No, he has not avoided paying taxes. No, he has not made false statements to get his green card. No, he is not a terrorist.

Muniz, 51, a legal immigrant from San Luis Potosi, Mexico, has lived in the United States since 1977. On Saturday, the air conditioning worker decided to take the first steps toward citizenship at the offices of Catholic Social Services in the Gainesville Community Center on Prior Street. Muniz was one of several permanent legal residents taking part in the organization’s bi-annual citizenship drive. He said heard about it on a Spanish-language radio station.

"I want to vote," Muniz said in English when asked why he was seeking citizenship. "I have lived here a very long time, and I want to be a part of this great nation."

Federal immigration officials estimate there are 8 million legal immigrants like Muniz in the country who are eligible for citizenship.

Until recently, many have been content to live and work in the U.S. with a valid green card without applying for citizenship, said Susan Colussy, an immigration lawyer with Catholic Charities of the Archdiocese of Atlanta.

"They felt safe in putting it off, but I think now people are a little more concerned," Colussy said. "They want to feel more secure in their (immigration) status because of the raids and the anti-immigration sentiment."

Muniz said there are more legal residents eligible for citizenship than people might realize.

"There are more people qualified to be (citizens)," he said.

Muniz, whose 17-year-old son attends Johnson High School, says citizenship would make the simple experience of sitting in the stands at sporting events different for him.

"When I am sitting with my sons and they raise that flag, I want it to be my flag," he said.

Citizenship isn’t free.

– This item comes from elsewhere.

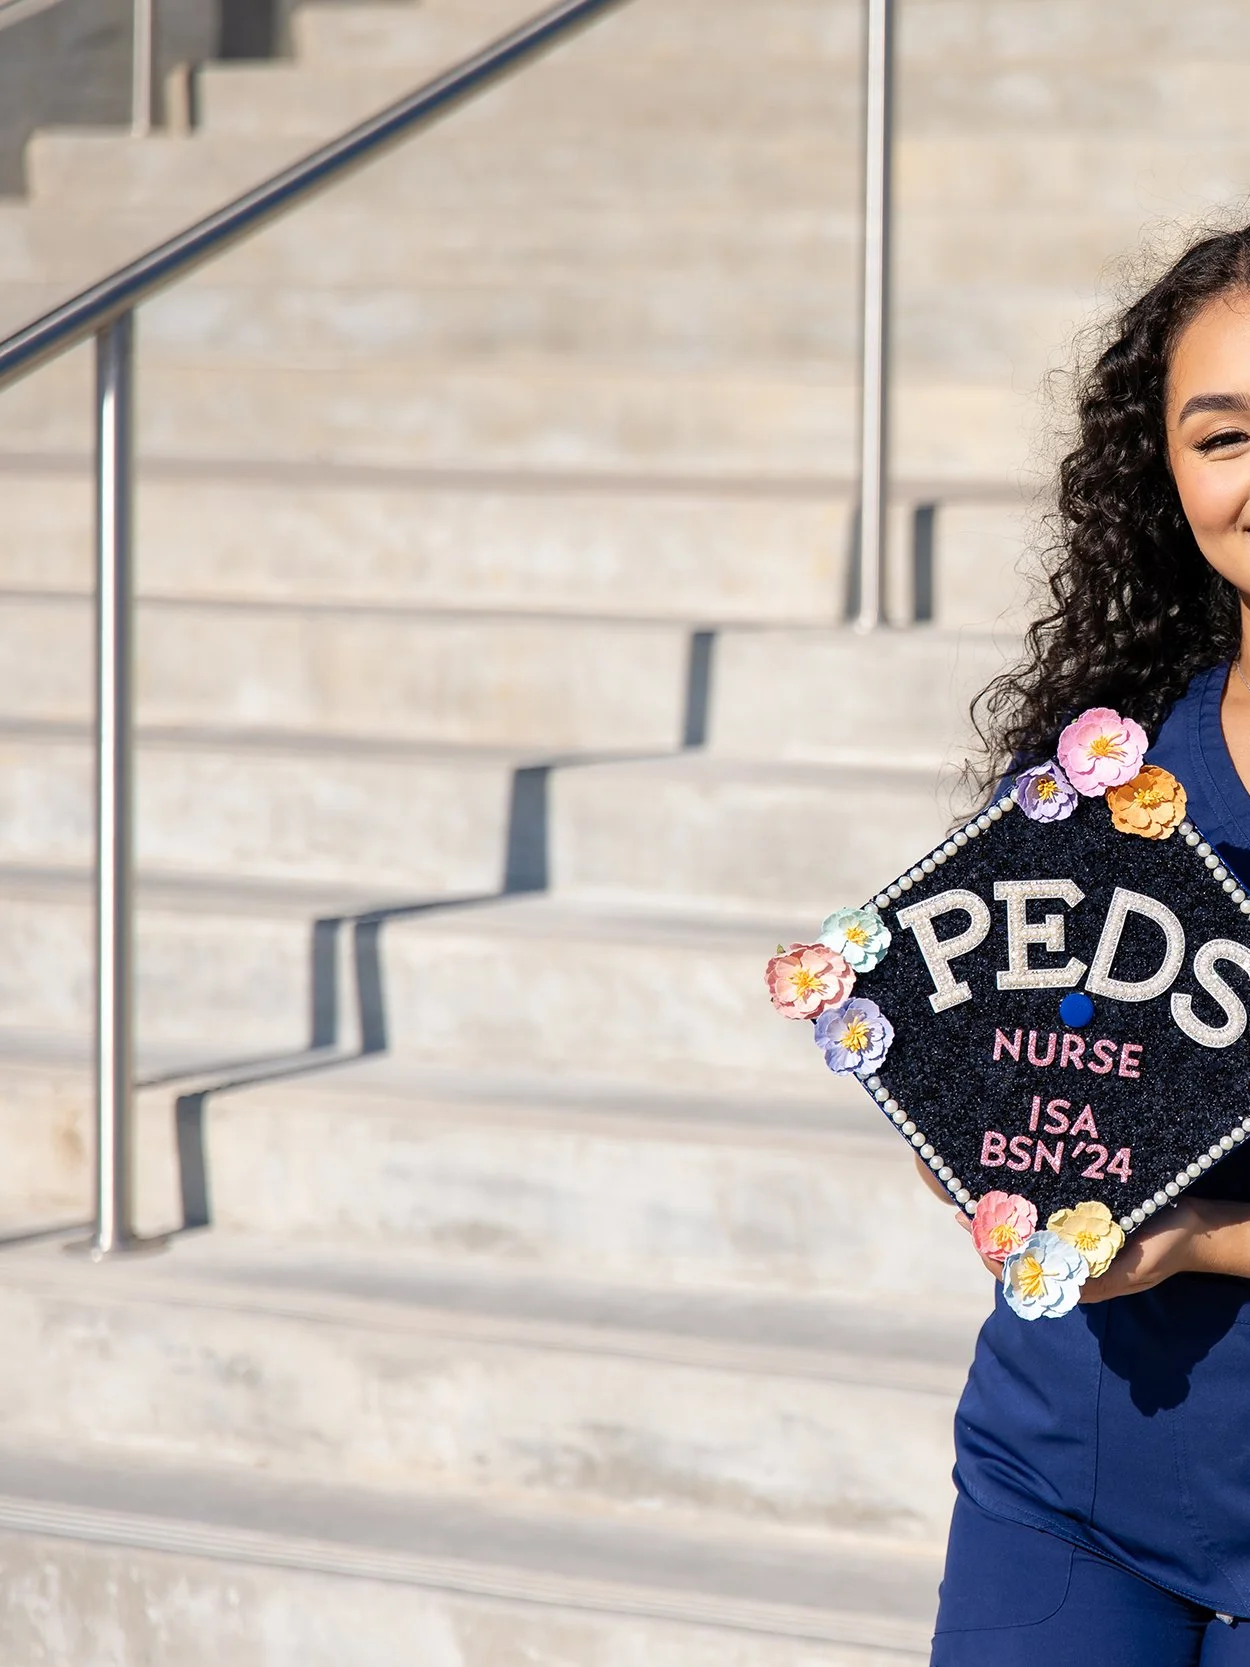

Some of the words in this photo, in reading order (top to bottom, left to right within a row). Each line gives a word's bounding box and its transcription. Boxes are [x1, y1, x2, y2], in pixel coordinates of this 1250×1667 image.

Applicants who came in Saturday were asked to bring their green card, two photographs and $675. That amount covers an application fee that jumped from $400 at the end of July.

Volunteer immigration attorneys went over the forms and possible citizenship exam questions one-on-one with applicants Saturday, providing assistance with the paperwork, but no legal advice. All applications for citizenship must be mailed.

"We try to make sure they understand and have everything they need," Colussy said.

Saturday’s drive in Gainesville brought out perhaps a dozen people. A similar event in March had more than 30 applicants show up.